> [Data to use]

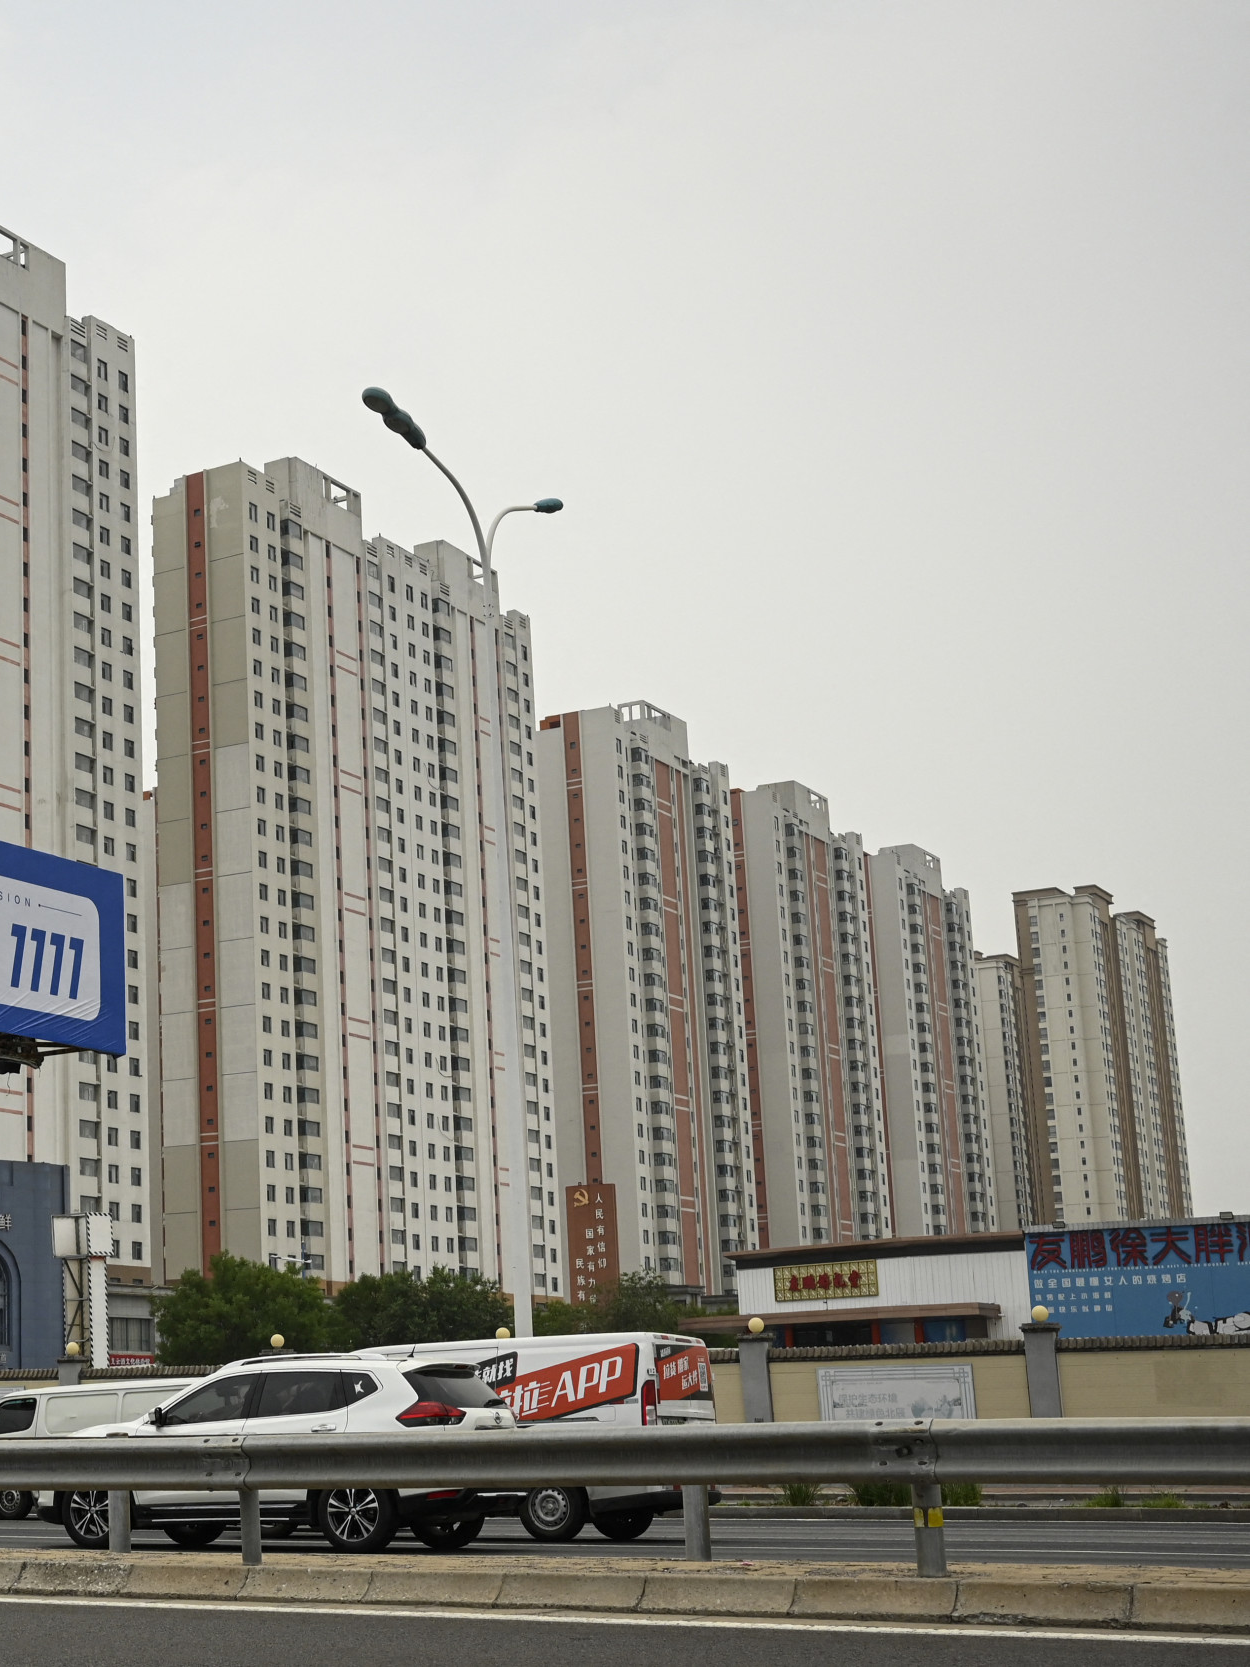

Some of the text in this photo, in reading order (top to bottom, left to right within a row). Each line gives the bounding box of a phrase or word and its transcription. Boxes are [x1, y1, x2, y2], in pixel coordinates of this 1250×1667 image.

[10, 923, 84, 1000] 1111
[595, 1192, 607, 1269] 人民有信仰
[552, 1356, 623, 1407] APP
[663, 1361, 677, 1380] 拉货

> [What the task asks] Would you give the material back exactly, minus the pictures?

> [Written answer]
Some of the text in this photo, in reading order (top to bottom, left to right within a row). Each line gives the bounding box of a phrase or word and its transcription. Boxes are [x1, y1, x2, y2], in pixel coordinates of this 1250×1667 image.

[10, 923, 84, 1000] 1111
[595, 1192, 607, 1269] 人民有信仰
[552, 1356, 623, 1407] APP
[663, 1361, 677, 1380] 拉货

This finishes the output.